Huit Etats membres, opposés à la séparation, proposent une troisième voie [FR]
La France, l'Allemagne et six autres Etats membres ont soumis des propositions présentant une troisième option à la libéralisation de l'énergie. Le document complet, consulté par EURACTIV, affirme que les propositions de la Commission visant à séparer les entreprises verticalement intégrées n'auront pas l'effet escompté en termes d'augmentation des investissements dans les réseaux et de baisse des prix de l'énergie.
La France, l’Allemagne et six autres Etats membres ont soumis des propositions présentant une troisième option à la libéralisation de l’énergie. Le document complet, consulté par EURACTIV, affirme que les propositions de la Commission visant à séparer les entreprises verticalement intégrées n’auront pas l’effet escompté en termes d’augmentation des investissements dans les réseaux et de baisse des prix de l’énergie.
Une séparation effective et efficace
Une série d’amendements pour une troisième option concernant la libéralisation du marché de l’énergie est proposée dans une lettre datée du 29 janvier et signée par l’Allemagne, l’Autriche, la Bulgarie, la France, la Grèce, la Lettonie, le Luxembourg et la Slovaquie.
Cette lettre, adressée à la Commission européenne et à la commission parlementaire de l’Industrie (ITRE), ne recense qu’un seul changement important comparé à la première version du document (EURACTIV 29/01/08).
Au lieu de suggérer que les autorités nationales de régulation aient la possibilité d’« obliger » les gestionnaires de réseaux de transport (GRT) à se charger de l’adaptation les réseaux et les infrastructures, le nouveau texte propose que les régulateurs aient la possibilité de « demander » aux GRT d’investir par tous les moyens légaux.
Au-delà de ce changement, les propositions avancent essentiellement le même message : qu’une concurrence loyale est possible sans la séparation de la propriété ni la surveillance par un tiers (ISO) en assurant un certain nombre de clauses de sauvegarde concernant les décisions liées à l’indépendance, à la gestion et à l’investissement des GRT.
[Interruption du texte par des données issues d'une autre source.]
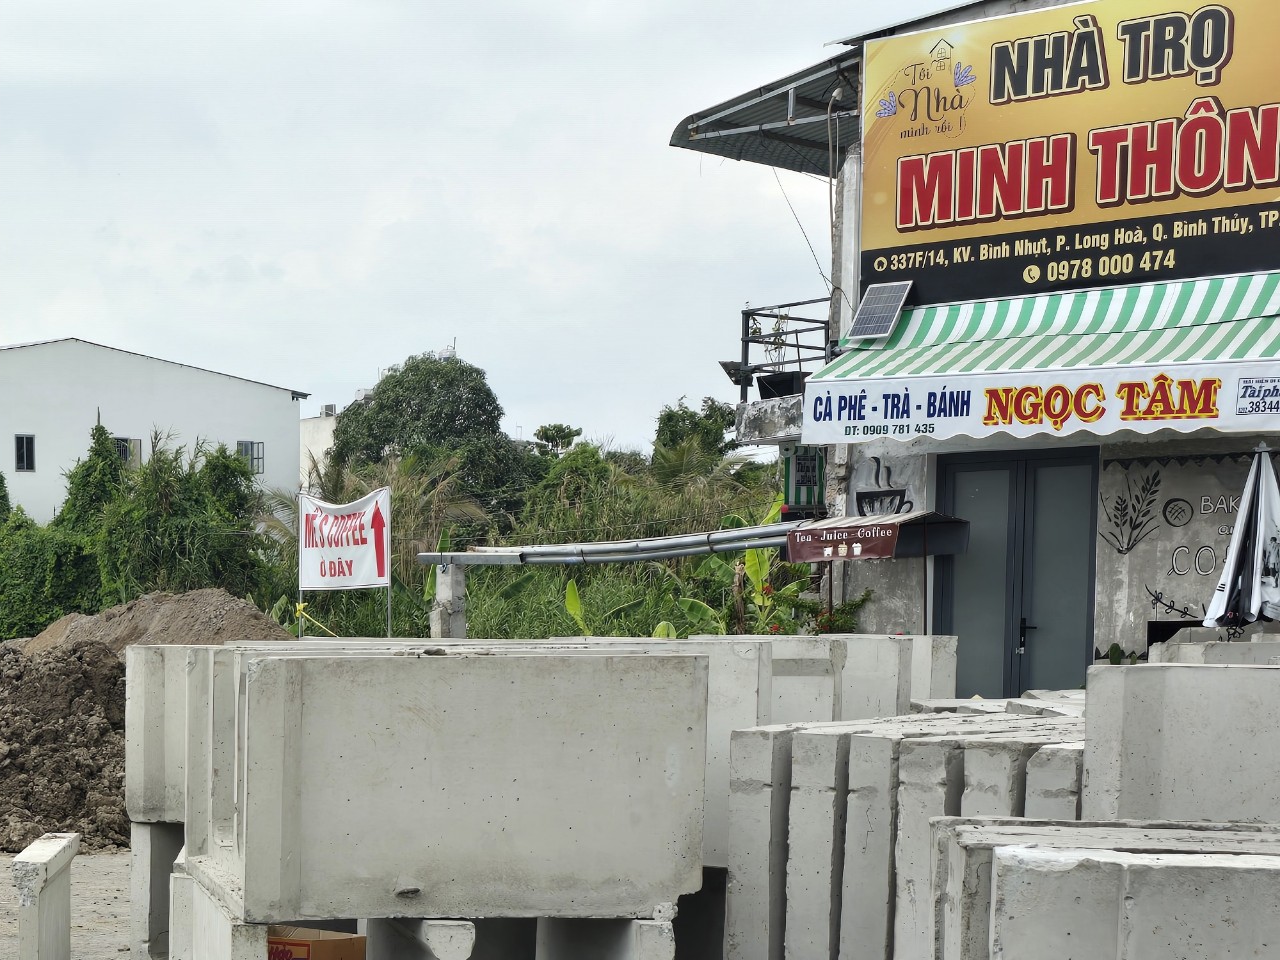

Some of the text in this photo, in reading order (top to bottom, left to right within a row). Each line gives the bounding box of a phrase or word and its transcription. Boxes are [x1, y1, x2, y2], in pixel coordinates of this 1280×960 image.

[989, 4, 1234, 105] NHÀ TRỌ
[898, 86, 969, 121] Nhà
[896, 133, 1077, 233] MINH
[890, 251, 949, 271] 337F/14,
[953, 246, 975, 264] KV.
[980, 240, 1009, 261] Bình
[1015, 237, 1051, 258] Nhựt,
[1056, 235, 1070, 252] P.
[1075, 232, 1109, 250] Long
[1114, 225, 1147, 246] Hoà,
[1153, 223, 1168, 242] Q.
[1173, 220, 1207, 239] Bình
[1211, 212, 1253, 235] Thủy,
[1047, 249, 1176, 283] 0978 000 474
[813, 390, 832, 422] CÀ
[837, 389, 867, 421] PHÊ
[882, 387, 911, 420] TRÀ
[926, 386, 971, 418] BÁNH
[982, 372, 1222, 431] NGỌC TÂM
[1240, 385, 1280, 401] Tàiph
[862, 424, 889, 436] 0909
[892, 424, 911, 435] 781
[914, 423, 935, 435] 435
[795, 532, 812, 543] Tea
[820, 531, 848, 541] Juice
[857, 527, 893, 538] Coffee
[329, 557, 353, 578] ĐÂY
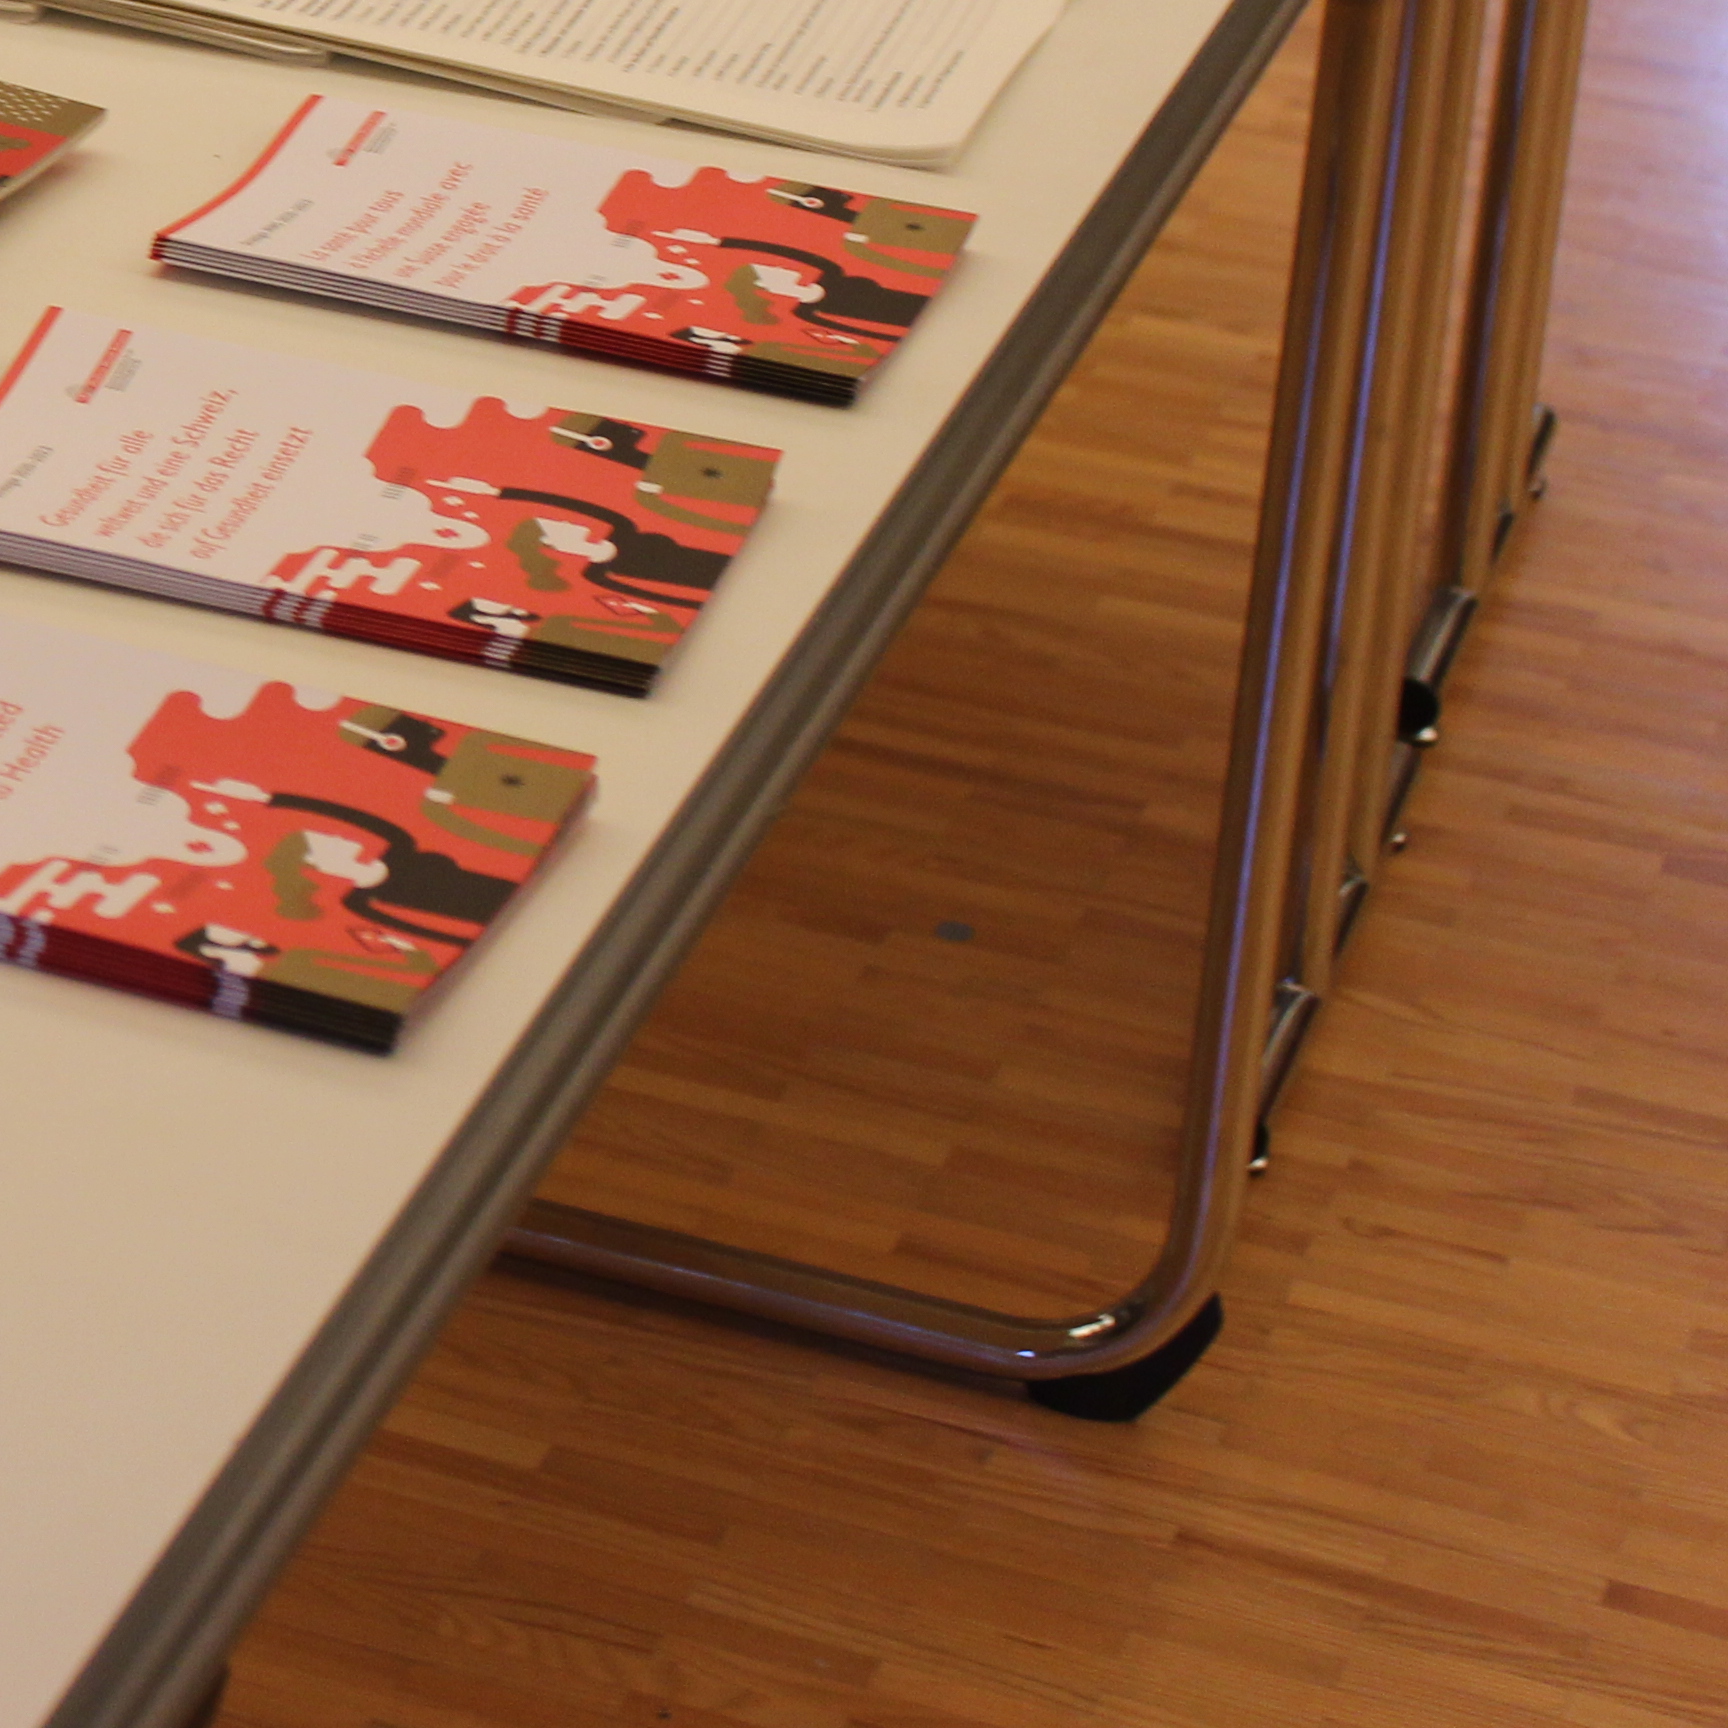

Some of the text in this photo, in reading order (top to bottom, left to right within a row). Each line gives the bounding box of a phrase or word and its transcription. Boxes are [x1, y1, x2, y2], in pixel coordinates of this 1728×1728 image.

[439, 163, 472, 191] avec
[170, 389, 238, 448] Schweiz,
[120, 429, 153, 455] alle
[207, 428, 259, 469] Recht
[261, 426, 313, 481] einsetzt
[156, 451, 191, 477] eine
[136, 476, 169, 500] und
[193, 470, 230, 493] das
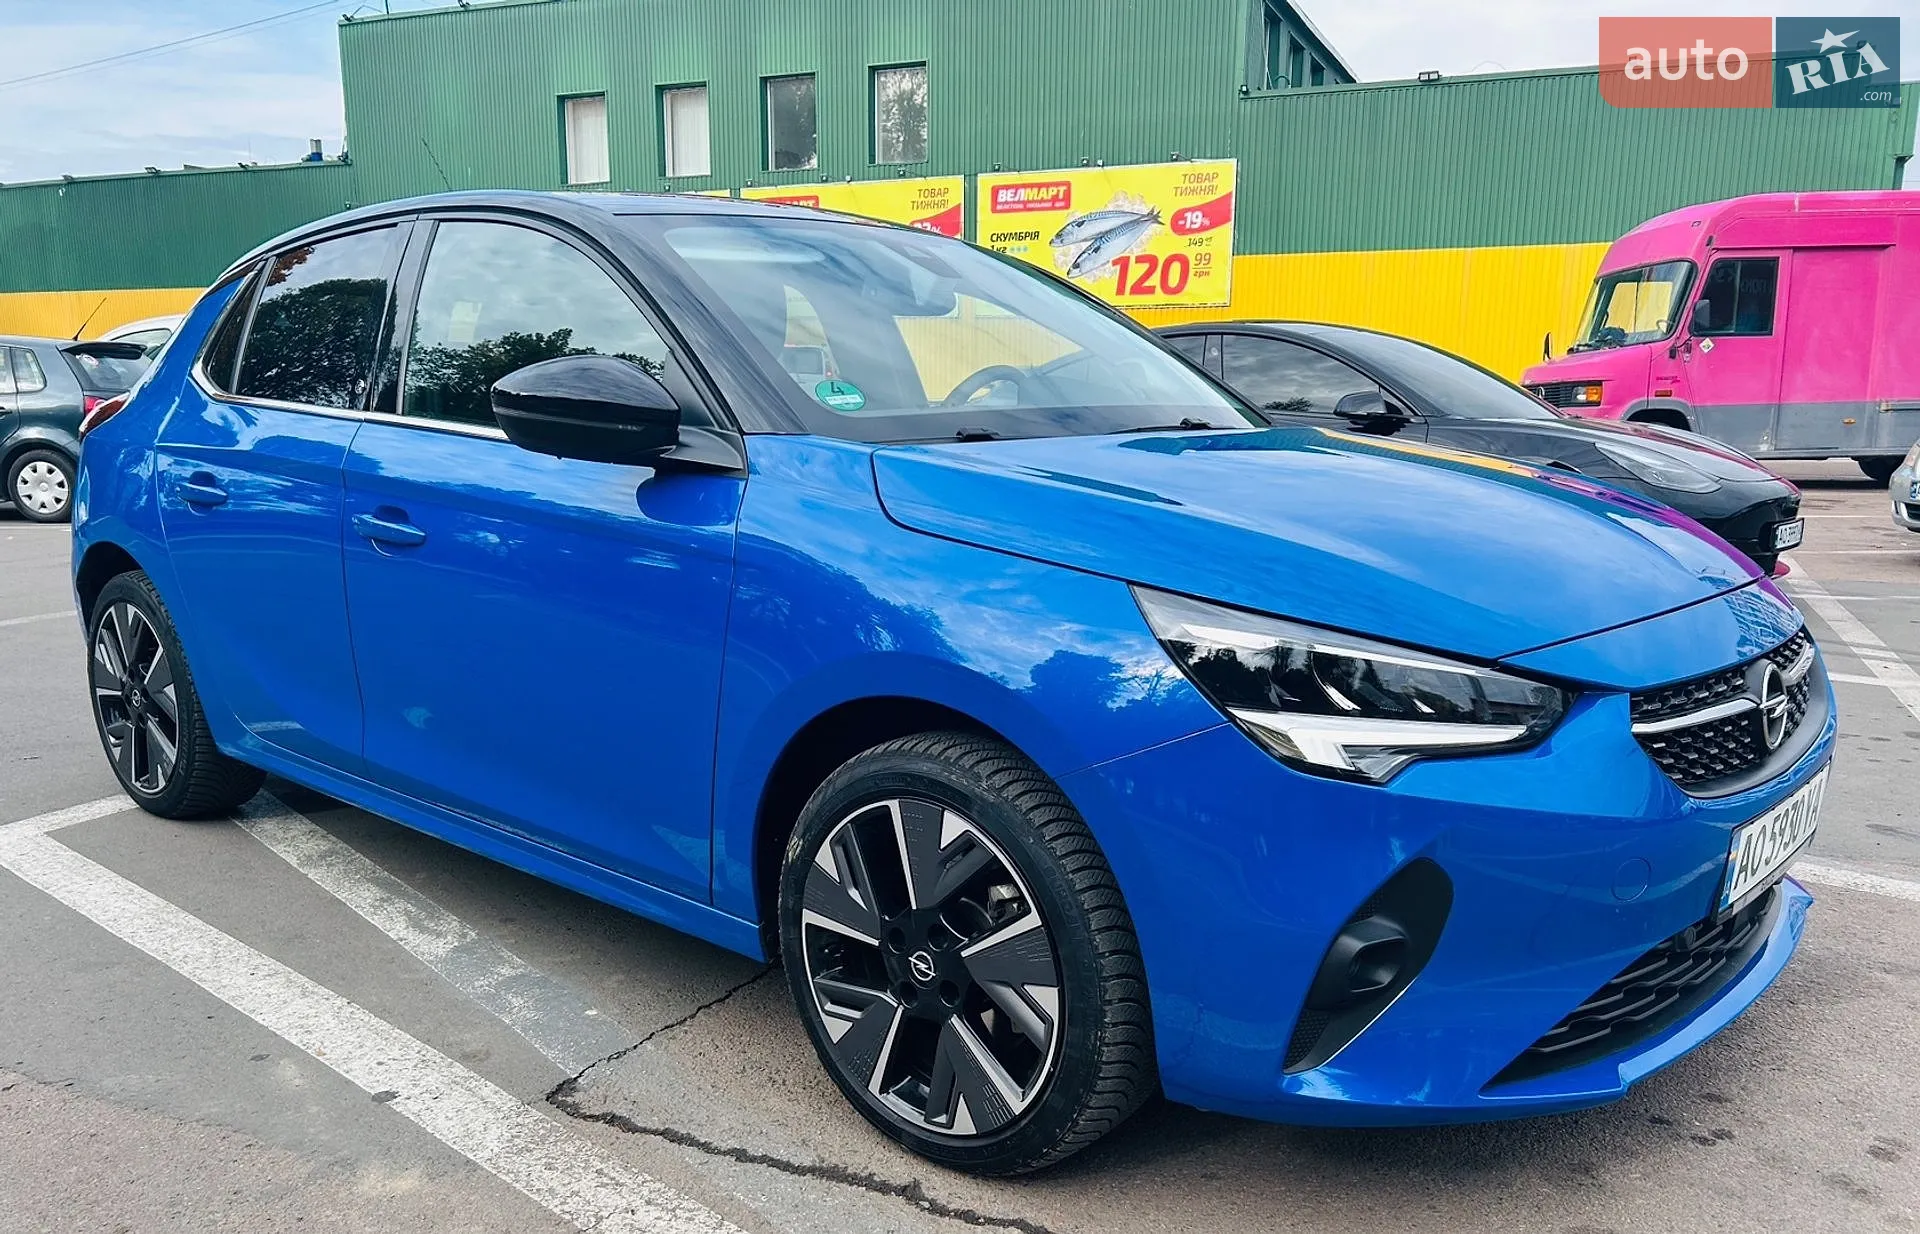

L’option ISO n’est pas une véritable solution alternative
Le statut des GRT est au coeur du désaccord entre les huit Etats membres et la Commission pour déterminer comment de grandes entreprises énergétiques verticalement intégrées devraient être abordées lors de la poursuite de la libéralisation des marchés européens du gaz et de l’électricité.
D’après la lettre, obliger les entreprises productrices d’énergie à céder leurs actifs de transport n’est pas compatible avec le droit constitutionnel et la liberté de circulation des capitaux. Le document stipule qu’aucun lien ne peut être trouvé entre la mise en œuvre de la séparation de la propriété et les niveaux des prix et des investissements qui sont en fait déterminés par de nombreux autres éléments.
Mais la Commission insiste : les entreprises énergétiques ne peuvent pas, dans un environnement de concurrence efficace et loyale, contrôler simultanément les moyens de production et le transport de l’énergie.
En l’absence de séparation totale de la propriété, l’exécutif européen affirme que l’option ISO est le niveau minimum de séparation nécessaire afin de garantir l’investissement et l’accès aux réseaux aux concurrents et d’empêcher les conflits d’intérêt.
Mais l’Allemagne et la France, particulièrement inquiètes des conséquences sociales négatives de la séparation, estiment que l’option ISO est un type de séparation de la propriété et ne peut donc pas représenter une véritable solution alternative.